En tant qu'entraîneur-chef des Bulldogs de Hamilton, Guy Boucher est maintenant au coeur de la formation des espoirs du Canadien.

Et lorsqu'il voit les amateurs s'emballer enfin pour l'un d'eux - en l'occurrence P.K. Subban - il invite à la prudence.

«Les jeunes ne peuvent pas dépasser le stade de développement où ils sont rendus», rappelle Boucher à ceux qui aimeraient voir Subban terminer la saison avec le Tricolore.

«Il y a différents joueurs comme il y a différents types de fleurs, suggère-t-il. On doit continuer d'arroser la semence jusqu'à ce que la fleur apparaisse. Selon le type de fleur, ça ne prendra pas le même temps.

«Mais chose certaine, ce n'est pas en tirant sur la fleur qu'elle va éclore. C'est la même chose avec les espoirs. On s'emballe trop vite. On ne sait pas dans combien de temps ils seront prêts.»

Cette image de la fleur vaut pour P.K. Subban, mais aussi pour Ben Maxwell.

«Ben a raté la majeure partie de deux saisons en raison de blessures. Et ça, ça ne se rattrape pas», plaide Boucher, qui l'avait coaché au Mondial des moins de 18 ans, il y a quelques années.

«Il a maintenant réussi à faire la transition entre le junior et la Ligue américaine, mais il ne domine pas encore.»

Lors des matchs qu'il a disputés à Montréal, la vitesse d'exécution de la LNH semblait dépasser Maxwell. Mais cela ne veut pas dire qu'il ne s'ajustera jamais.

«Mon enseignement technique est basé sur l'extrême vitesse, de façon à ce que les jeunes ne soient pas trop pris de court lorsqu'ils atteignent la LNH», fait d'ailleurs remarquer Boucher.

La ligue la plus dure?

La Ligue américaine n'est pas le meilleur circuit au monde, mais c'est probablement le plus dur.

On y joue 82 matchs comme dans la LNH, sauf qu'il y a parfois trois matchs en trois soirs.

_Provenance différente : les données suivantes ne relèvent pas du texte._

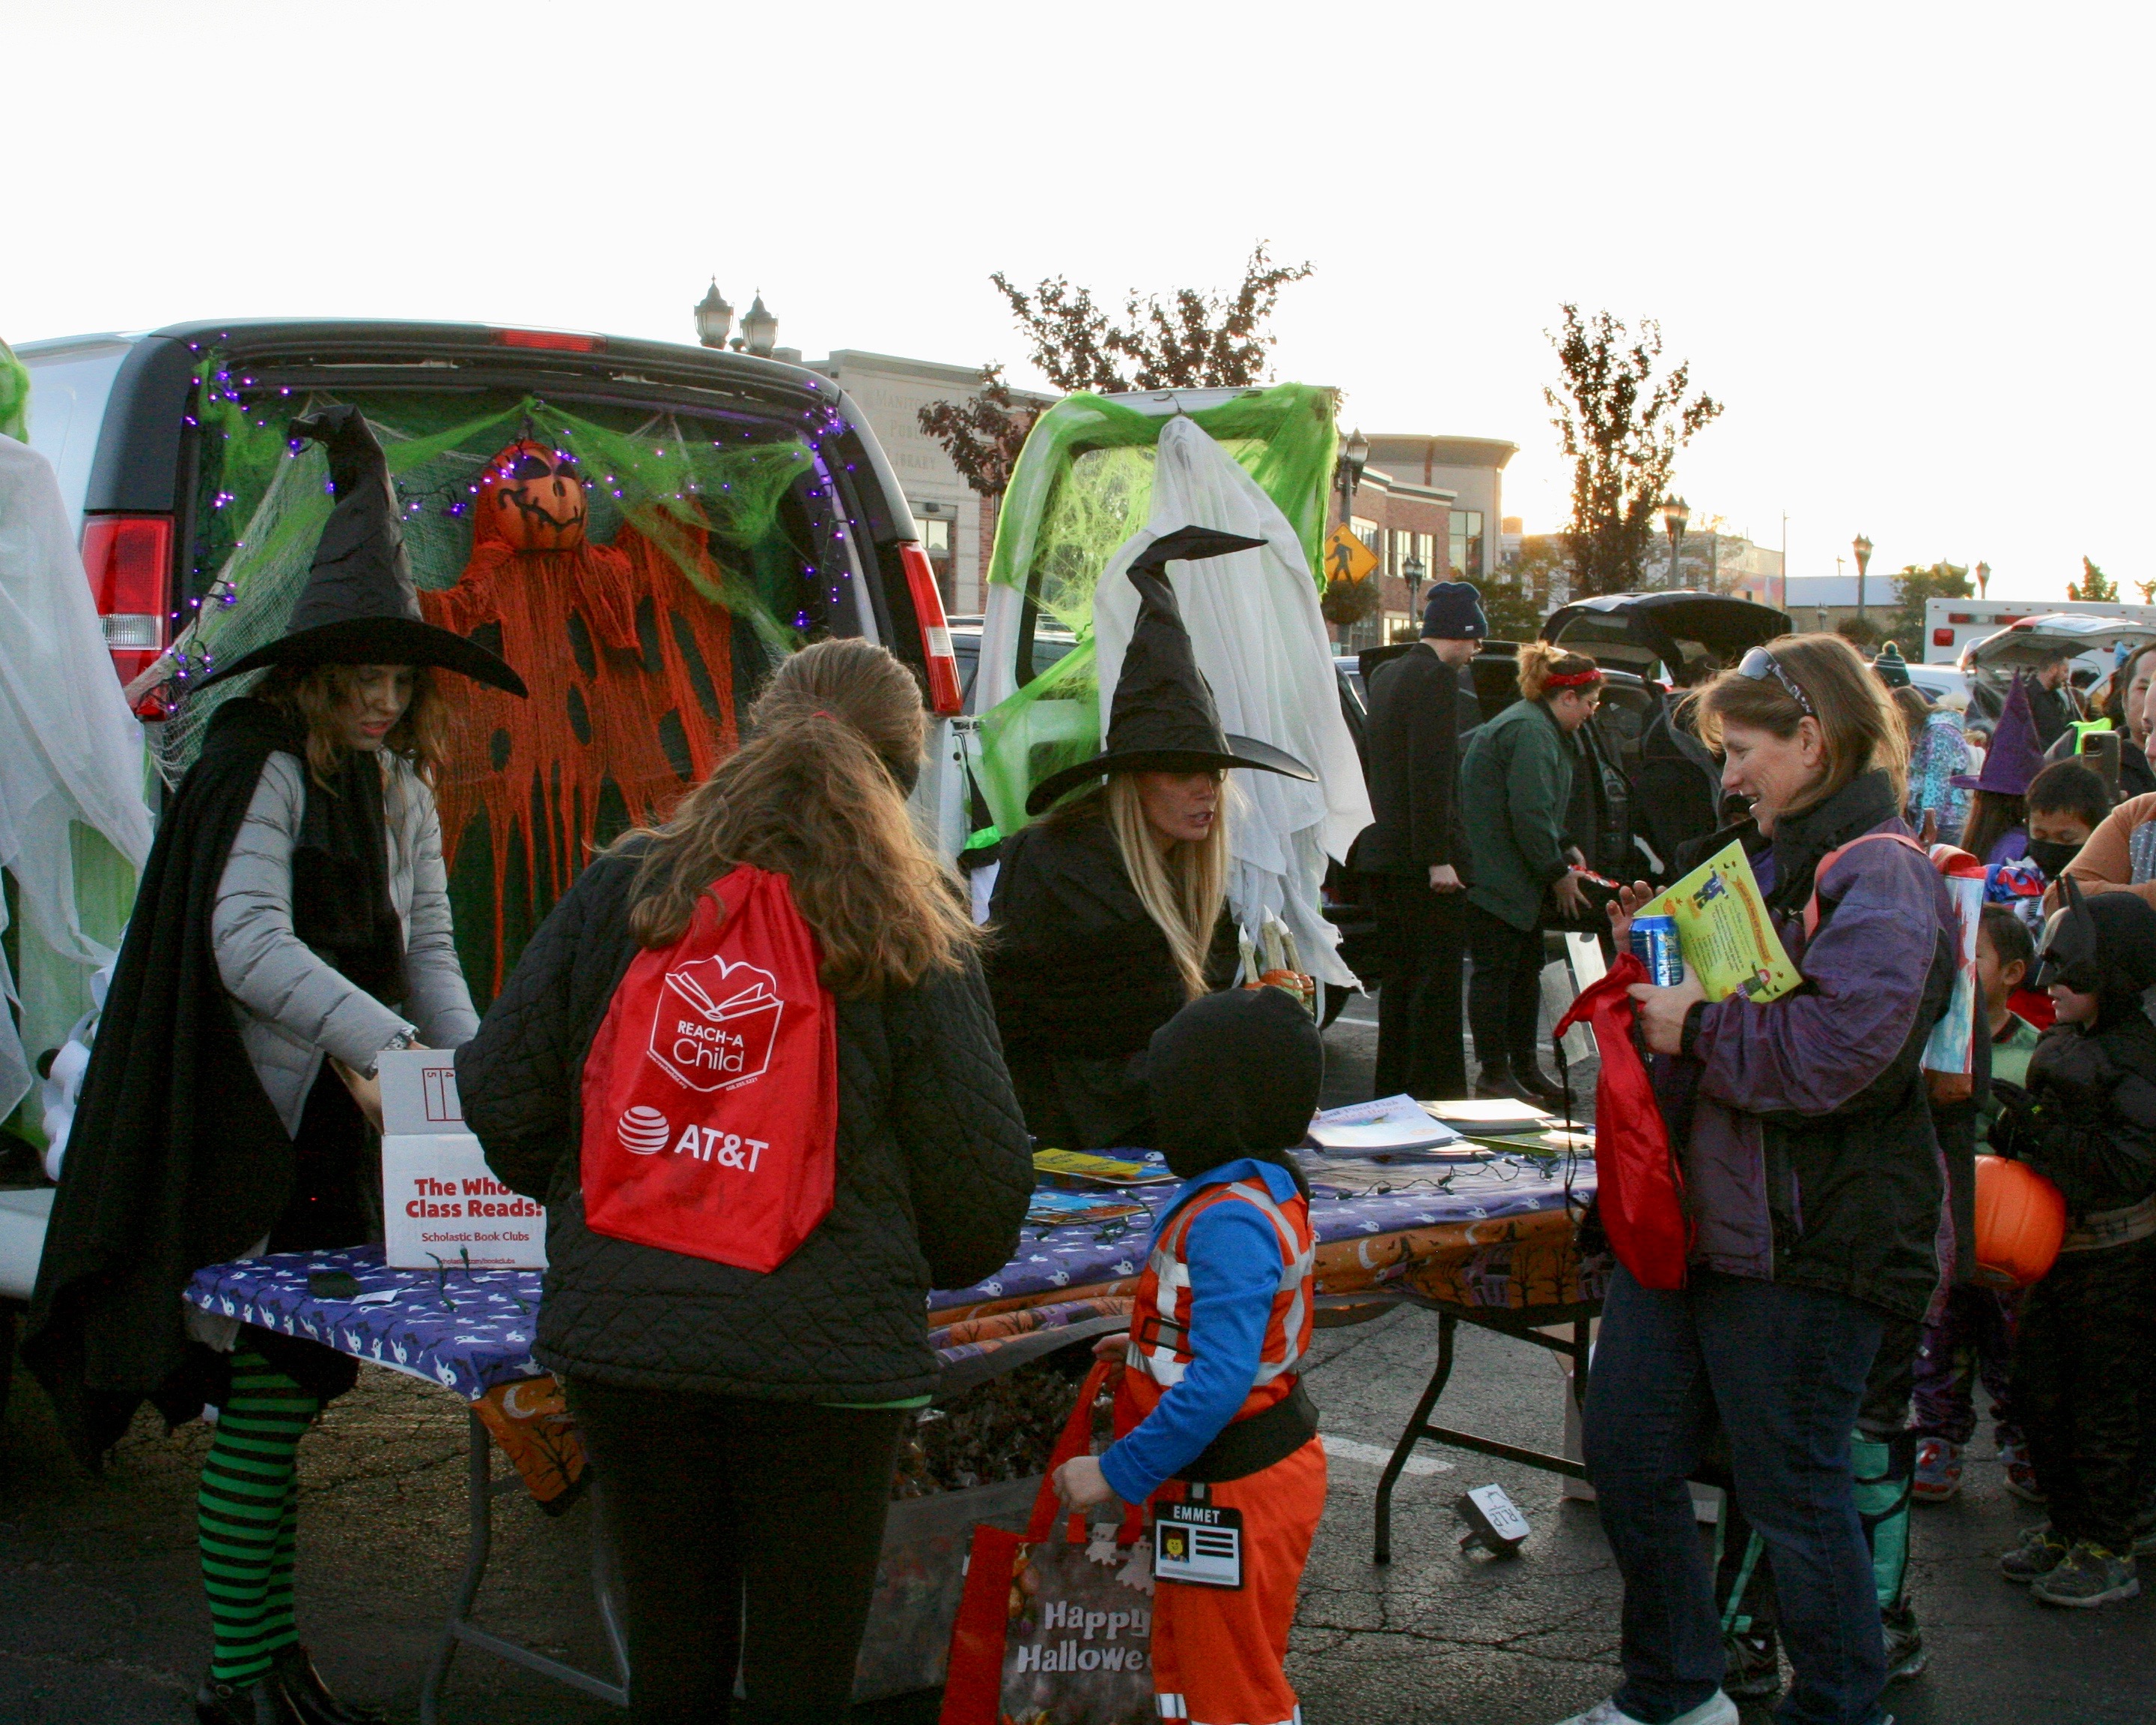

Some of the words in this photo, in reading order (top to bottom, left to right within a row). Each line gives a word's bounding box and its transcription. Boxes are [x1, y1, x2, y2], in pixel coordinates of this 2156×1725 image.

[677, 1020, 744, 1047] REACH-A
[674, 1038, 745, 1072] Child
[674, 1124, 770, 1173] AT&T
[414, 1177, 457, 1196] The
[462, 1177, 518, 1196] Who
[406, 1199, 462, 1218] Class
[421, 1232, 472, 1242] Scholastic
[475, 1232, 499, 1241] Book
[502, 1232, 529, 1241] Clubs
[1173, 1505, 1220, 1524] EMMET
[1044, 1600, 1151, 1640] Happy
[1017, 1639, 1151, 1673] Hallowe

De plus, les longs voyages en autobus mettent le corps à rude épreuve.

«Personne ne domine le classement dans la LAH, souligne Guy Boucher. Il n'y a pas d'espace, on a toujours quelqu'un dans la face.

«Les vétérans sont capables d'une certaine constance, mais chez les plus jeunes, on ne peut jamais dire en analysant leur rendement qu'ils deviendront des super-vedettes.»

Certes, un oeil aguerri peut reconnaître les jeunes «étiquetés» Ligue nationale. Par exemple, dès qu'il a vu Dmitri Kulikov à Drummondville, l'an dernier, Boucher a su qu'il en tenait un.

Mais ce n'était pas nécessairement à cause de son talent.

«Il y a plusieurs autres joueurs qui ont le même bagage d'habiletés que Kulikov, mais sur lesquels on ne parierait pas, explique-t-il. Car ils n'ont pas le caractère, l'attitude ou l'éthique de travail.

«Dans la Ligue américaine, c'est la même chose: les joueurs ont bien souvent le même niveau d'habiletés. Mais lesquels vont passer?»

La passion du hockey

Ce sont souvent les fameux «intangibles» qui fournissent la réponse: la passion du hockey, le désir de vaincre, la volonté de s'améliorer...

«Il faut aimer le hockey, affirme Boucher. Or, il y en a qui jouent parce qu'ils sont bons, ou parce qu'il y a des attentes placées en eux, et non parce qu'ils aiment vraiment cela.

«Or, moi, en tant qu'entraîneur, je ne motive pas. La motivation ne peut venir que du joueur. Je ne fais qu'activer certaines choses.

Aimer le hockey c'est une chose. Avoir toute sa tête au hockey en est une autre.

À la suite d'incidents hors glace, l'an dernier, la discipline et l'encadrement sont devenus des points d'interrogation de plus à l'égard de la formation des joueurs chez le Canadien.

«Ce qui se passe à l'extérieur de la patinoire est toujours abordé dans la préparation, assure Guy Boucher. On essaie d'enseigner aux joueurs les conséquences qui viennent avec le fait de ne pas prendre soin de soi.

«Ce qu'il faut comprendre, c'est que les joueurs ne sont pas isolés de la société. Ils en font partie. Ils vivent les mêmes problèmes que le reste du monde, mais c'est comme s'ils n'avaient pas le droit de les avoir.»

Tous les joueurs de l'équipe vivent un cheminement qui leur est propre. Et même si ce n'est jamais très sexy de demander la patience des amateurs, c'est cette même patience qui transformera quelques-uns des joueurs des Bulldogs en joueurs de la Ligue nationale.